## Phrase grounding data
================================
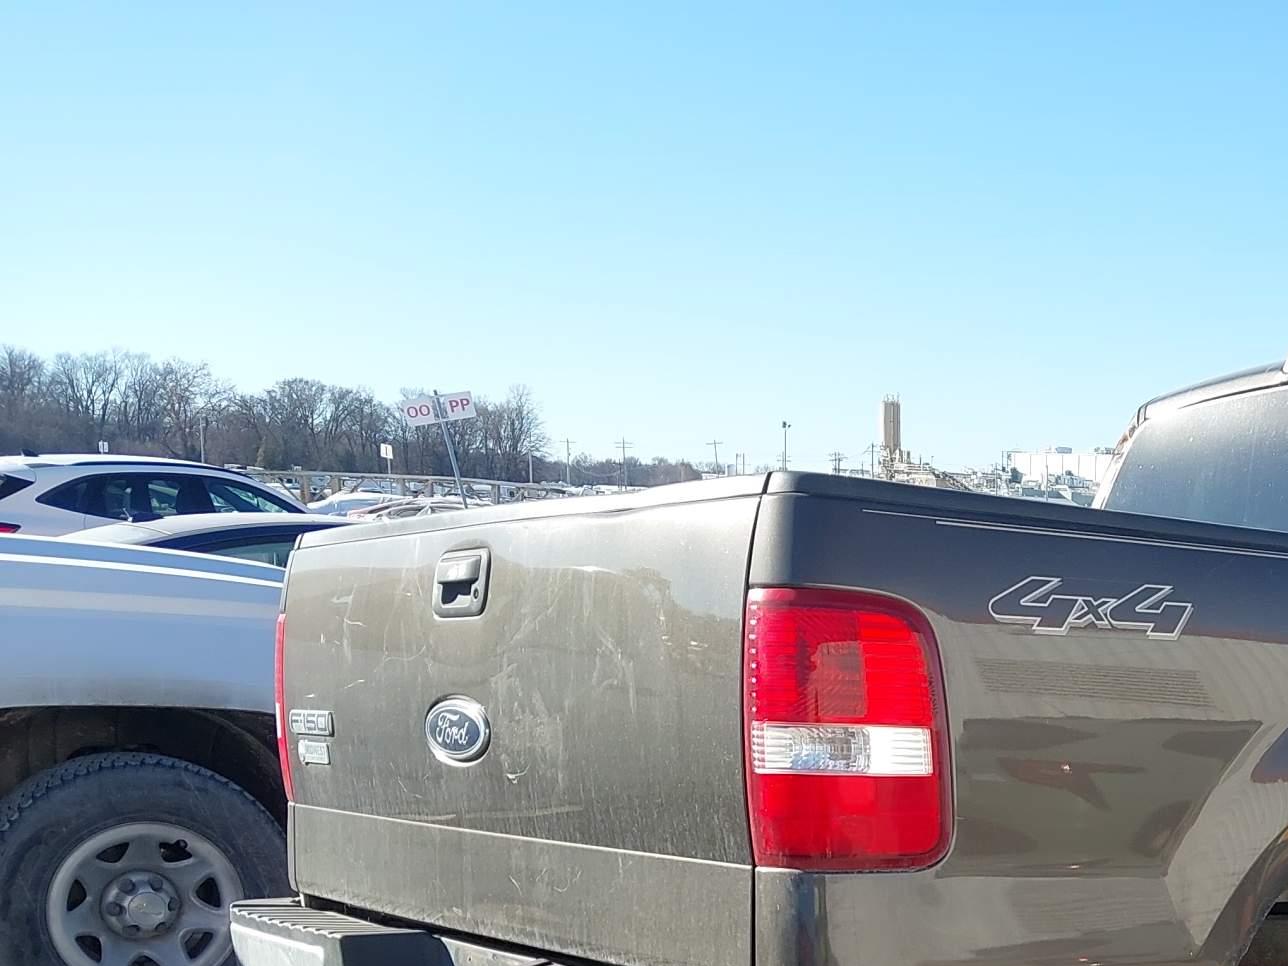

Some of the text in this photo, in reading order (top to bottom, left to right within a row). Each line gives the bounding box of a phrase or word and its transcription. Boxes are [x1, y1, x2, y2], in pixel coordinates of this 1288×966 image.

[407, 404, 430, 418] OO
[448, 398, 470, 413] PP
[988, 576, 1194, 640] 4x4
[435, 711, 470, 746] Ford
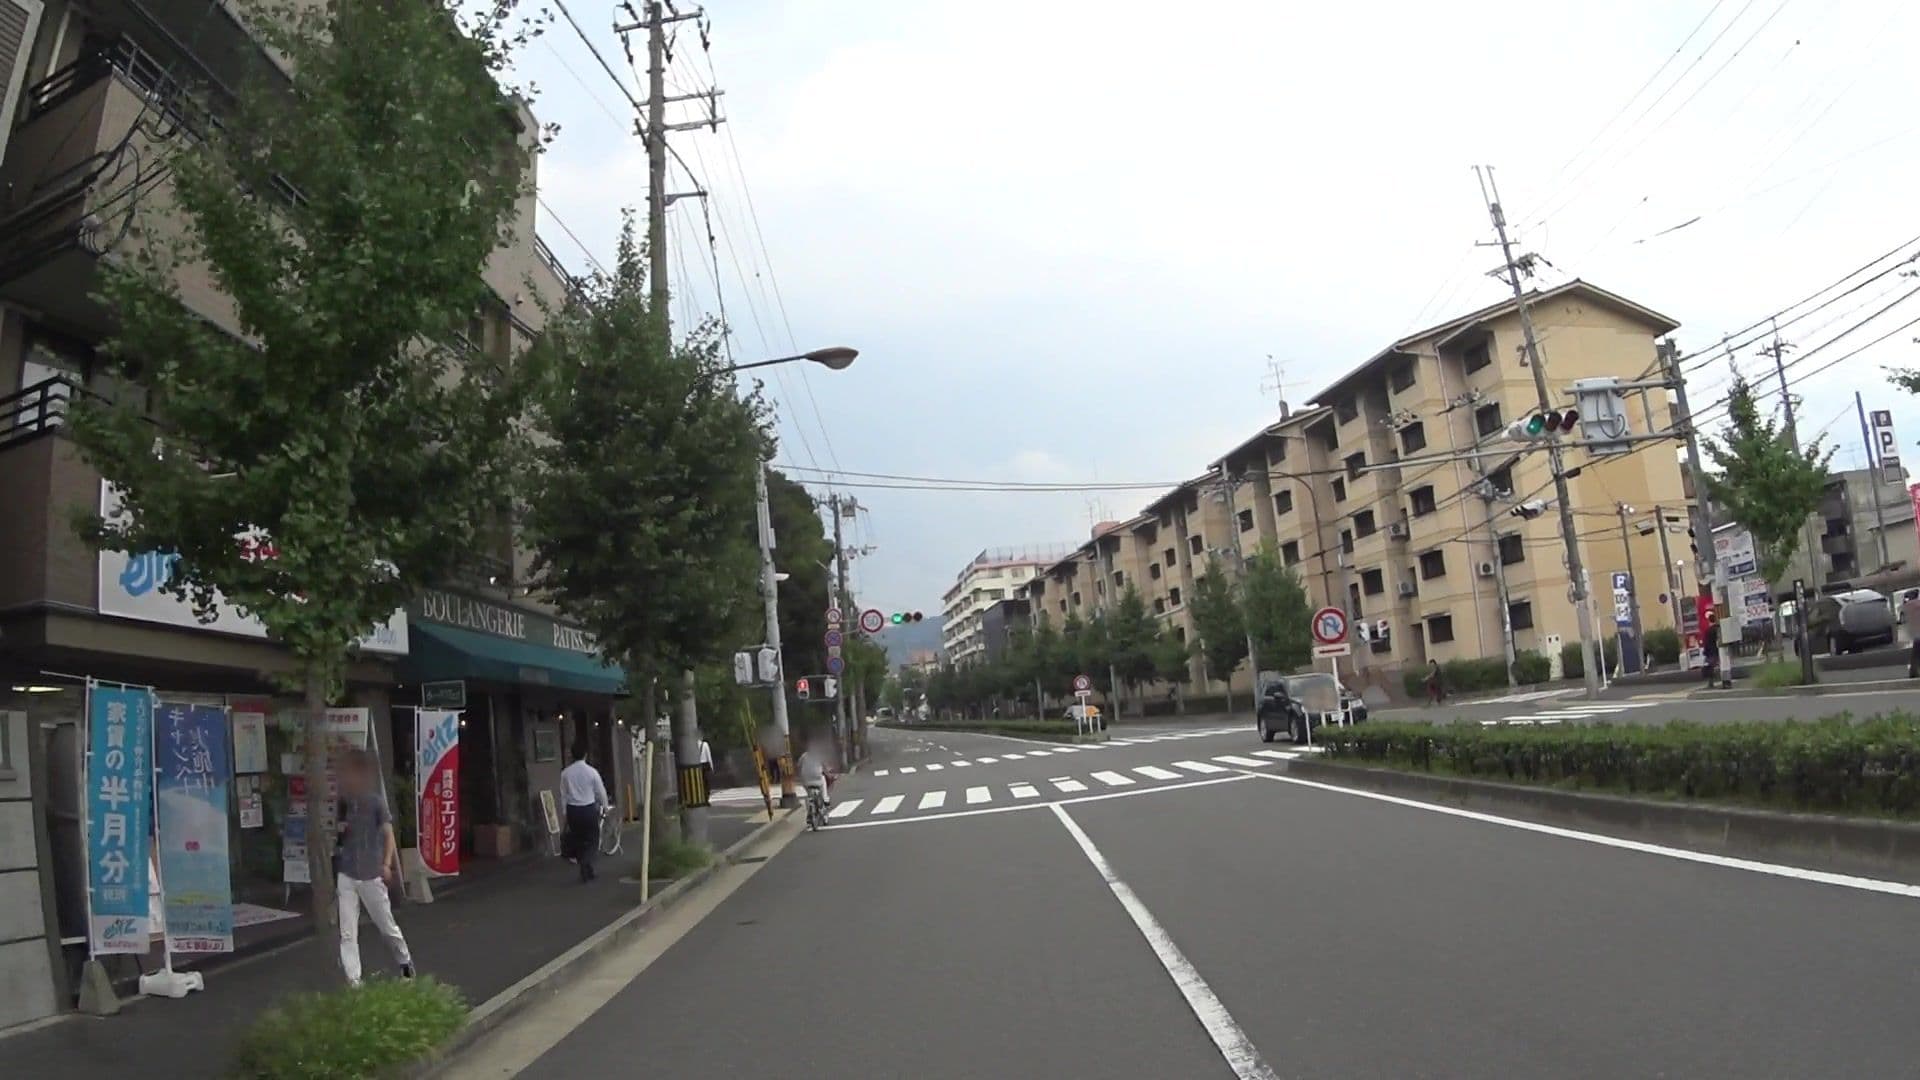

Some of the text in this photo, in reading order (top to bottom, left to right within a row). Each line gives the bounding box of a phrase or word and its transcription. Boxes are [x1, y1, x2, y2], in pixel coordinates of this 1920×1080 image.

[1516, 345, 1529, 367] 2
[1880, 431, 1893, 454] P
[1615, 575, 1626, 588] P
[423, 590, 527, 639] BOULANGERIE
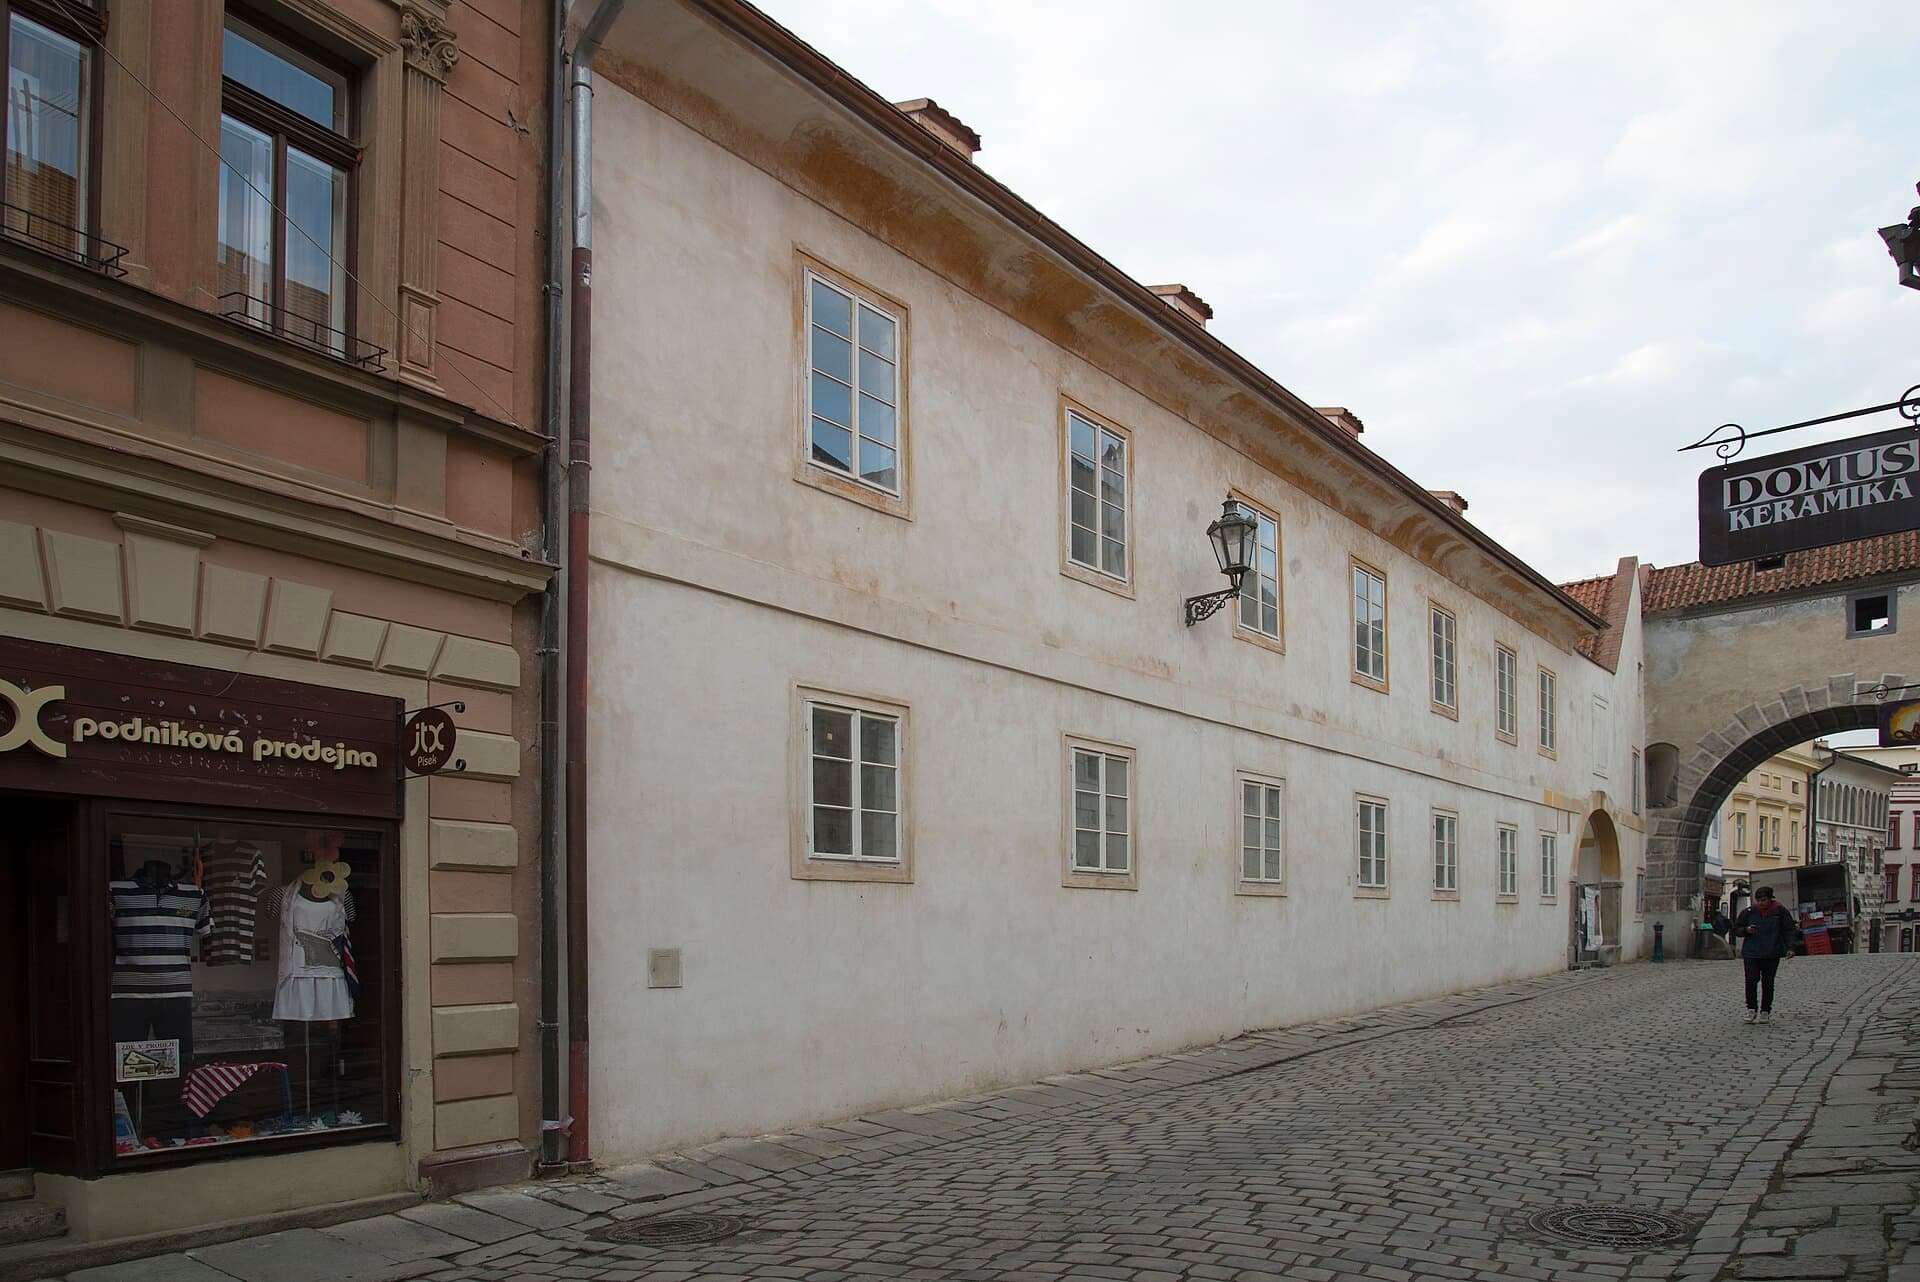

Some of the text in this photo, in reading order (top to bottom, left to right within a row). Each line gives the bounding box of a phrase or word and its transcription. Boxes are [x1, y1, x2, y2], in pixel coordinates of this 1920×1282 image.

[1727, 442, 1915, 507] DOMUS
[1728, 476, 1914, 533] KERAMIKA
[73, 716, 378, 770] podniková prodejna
================================
## What you should do
Having found the line with "this 1920×1282 image.", transcribe it and each line after it to the end of the entries, with no other lines.

## Answer section
Some of the text in this photo, in reading order (top to bottom, left to right within a row). Each line gives the bounding box of a phrase or word and its transcription. Boxes are [x1, y1, x2, y2], in pixel coordinates of this 1920×1282 image.

[1727, 442, 1915, 507] DOMUS
[1728, 476, 1914, 533] KERAMIKA
[73, 716, 378, 770] podniková prodejna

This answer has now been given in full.